Delterra, an environmental nonprofit with its flagship initiative focused on building recycling systems in emerging economies, in collaboration with The Circulate Initiative, a nonprofit aimed at ending plastic pollution and advancing the circular economy, released its report, Making ‘Cents’ of Recycling Behavior: The Return on Investment of Spreading the Recycling Habit.

The report affirms how recycling behavior isn’t a nice-to-have; instead, it’s key to making the economics of recycling work. Analysis of Delterra’s projects in three distinctly different recycling environments in emerging markets – an informal settlement in Buenos Aires, a set of urban districts in Bali, and a mid-sized Argentinian city – shows that investing in behavior change pays for itself in recycling outcomes.
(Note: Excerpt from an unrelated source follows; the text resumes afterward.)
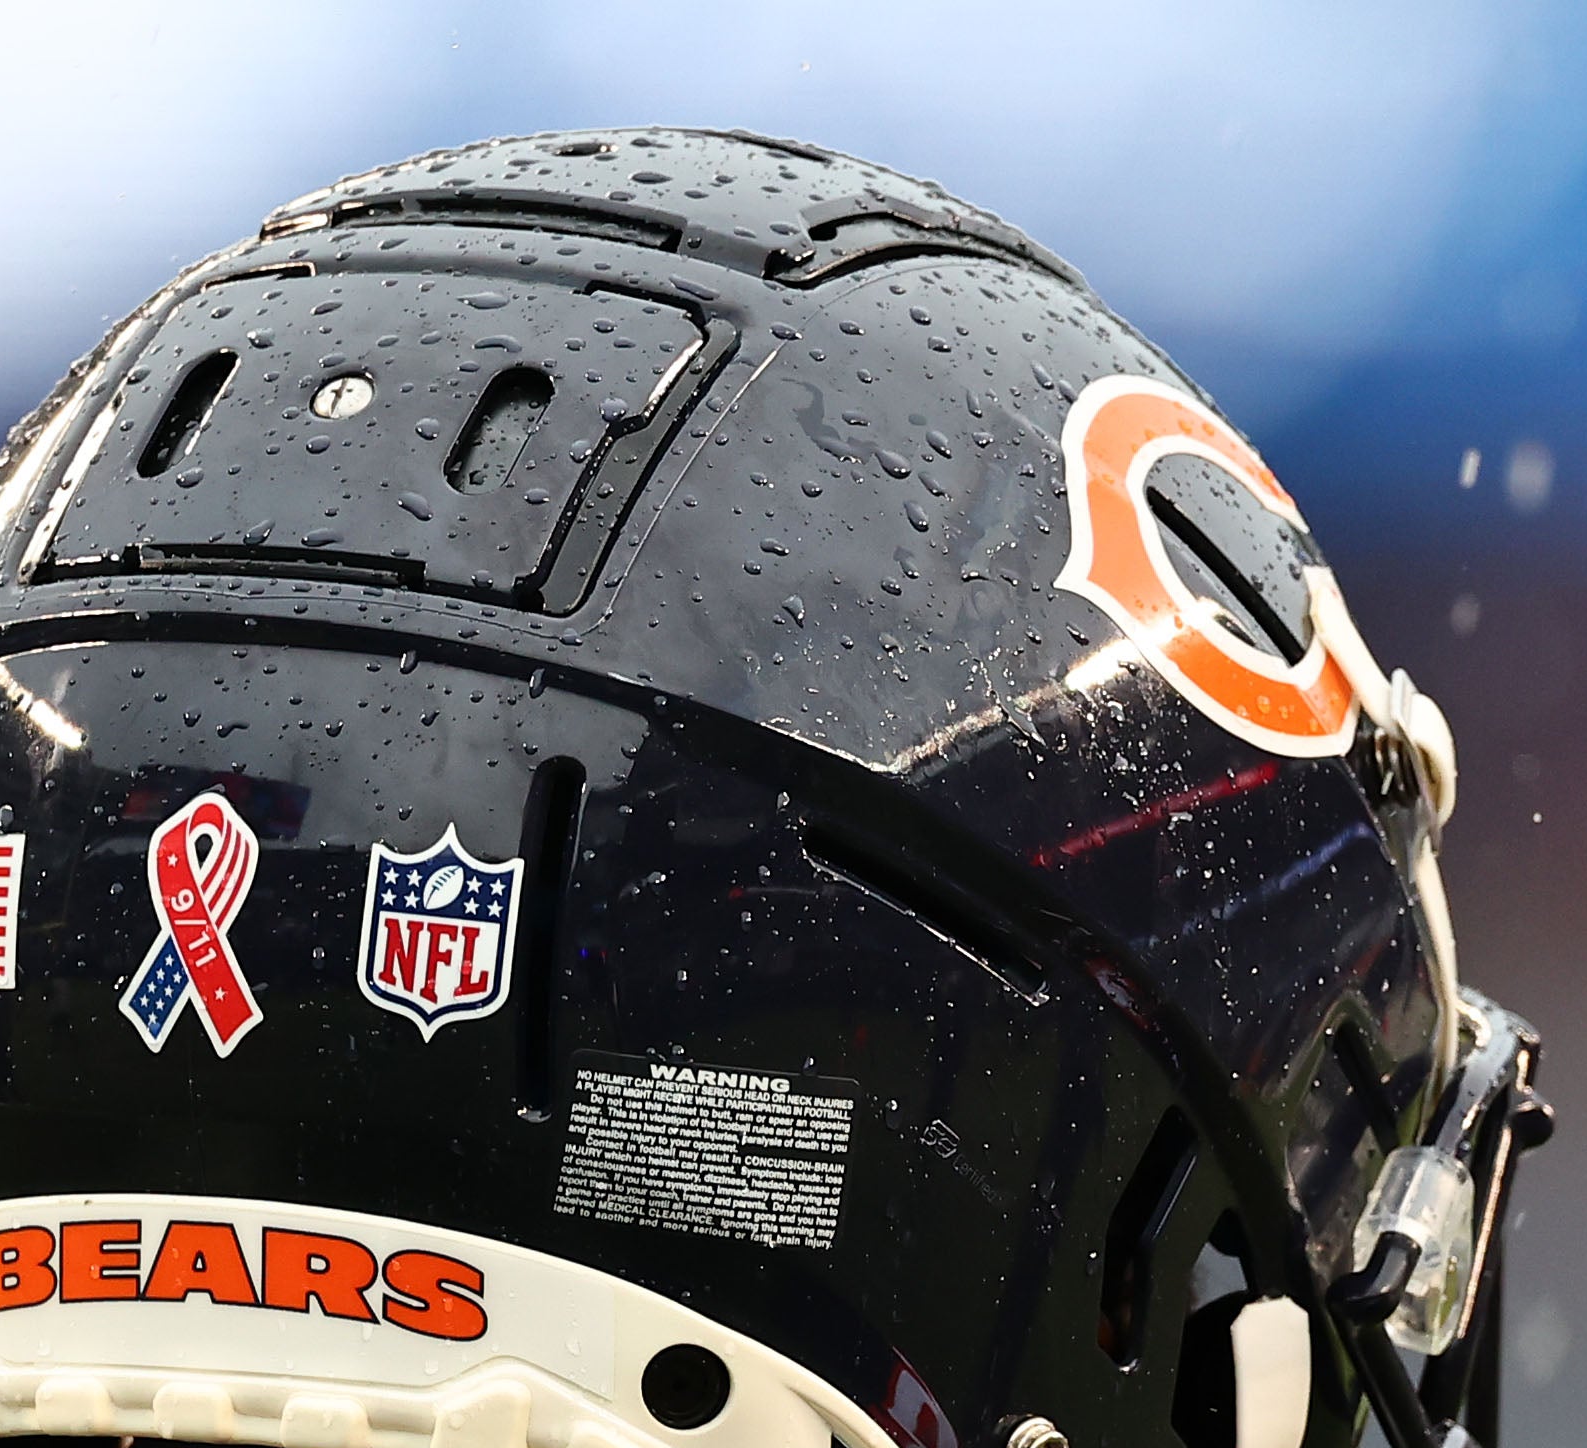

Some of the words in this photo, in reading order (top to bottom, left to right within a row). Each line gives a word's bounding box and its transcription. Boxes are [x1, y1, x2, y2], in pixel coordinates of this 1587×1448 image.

Around 80 percent of post-consumer waste could be recycled or composted, but when communities don’t separate their waste at the source, most of these materials remain out of reach for the recycling industry. With the global recycling rate languishing at 16 percent, there is a pervasive supply shortage of recyclables, putting corporate recycling commitments increasingly at risk even as the urgency of combating waste pollution grows.
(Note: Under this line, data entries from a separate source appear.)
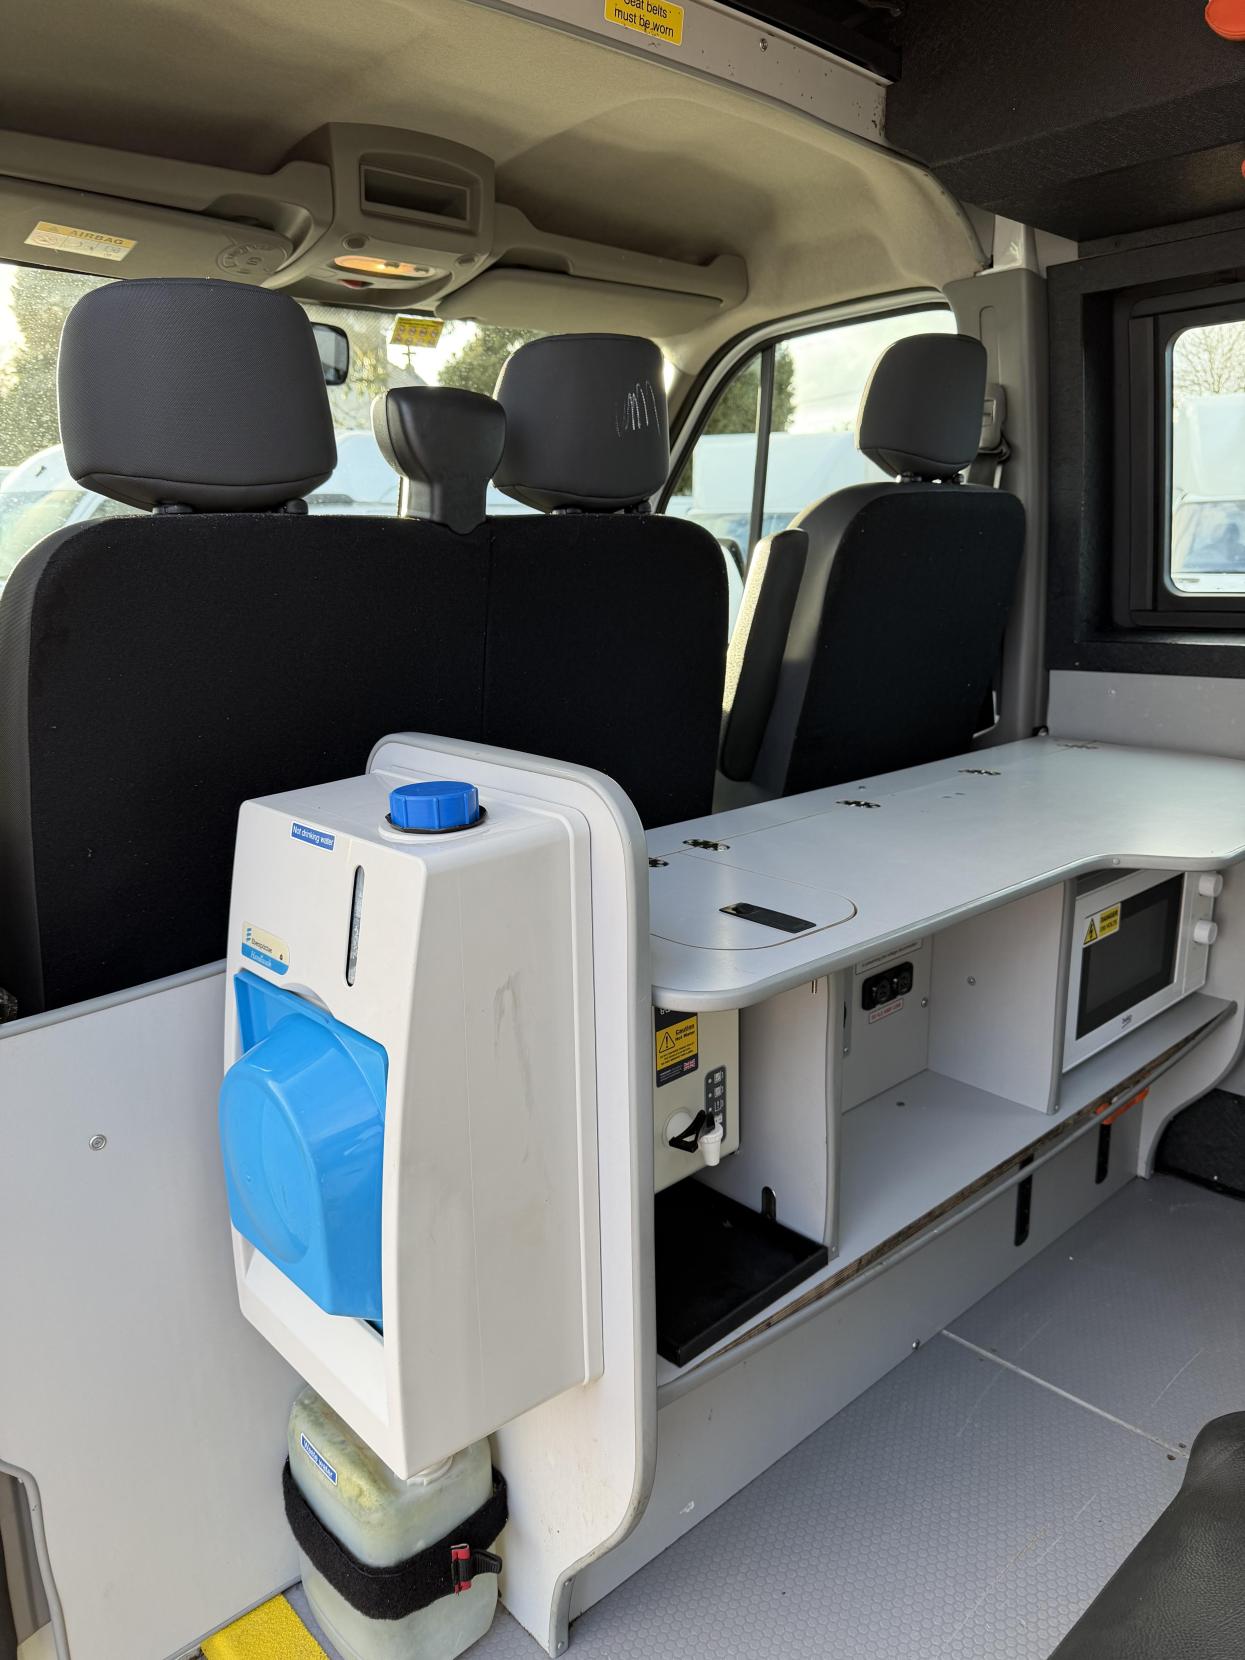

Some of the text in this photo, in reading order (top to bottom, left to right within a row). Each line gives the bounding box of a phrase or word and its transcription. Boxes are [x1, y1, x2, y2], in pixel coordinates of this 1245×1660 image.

[646, 1, 668, 18] belts
[614, 7, 674, 38] must be worn
[69, 230, 123, 245] AIRBAG
[293, 824, 302, 835] Not
[301, 828, 320, 844] drinking
Key takeaways from the report include:

  • Boosting recycling behavior presents a major – and often missed – opportunity to improve the business case for recycling overall. Because of inaccurate waste segregation by consumers at the first step, recycling faces a pervasive supply shortage. Driving change in recycling behavior can help recycling break the vicious cycle of insufficient demand and supply, by improving the yield and thus the recycling value chain’s economics.

  • Consumer behavior change can pay back initial costs in as few as 2-4 years. Based on the sales value of new recyclables, additional savings from landfill fees and credit for environmental benefits, it would typically take Delterra’s projects to 2-4 years – within political cycles and typical investment horizons – to earn back the cost of community engagement campaigns.

  • Behavior change costs significantly less than technology-based alternatives for boosting recycling outcomes. Promoting change in recycling behavior costs between US$50 and $150 for every additional ton of recyclables per year, compared to waste-sorting technology which costs between US$200 and $700 per ton to produce similar results.

Cynthia Shih, Delterra’s Director of Knowledge, remarked, “Because Delterra’s programs integrate community behavior change with waste management operations, we had the data to really look at the value that better recycling behavior generates for the rest of the system. We would love to see more players in the circular economy investing in recycling behavior change, and contributing insights on how best to deliver return on investment.”

“Delterra’s programs on the ground reveal the power of behavioral interventions and the importance of having a holistic approach in dealing with waste management and recycling,” said Ellen Martin, Director of Impact and Insights at The Circulate Initiative. “By investing in these interventions alongside infrastructure, we can improve the financial sustainability and efficiency of recycling and support a more circular economy.”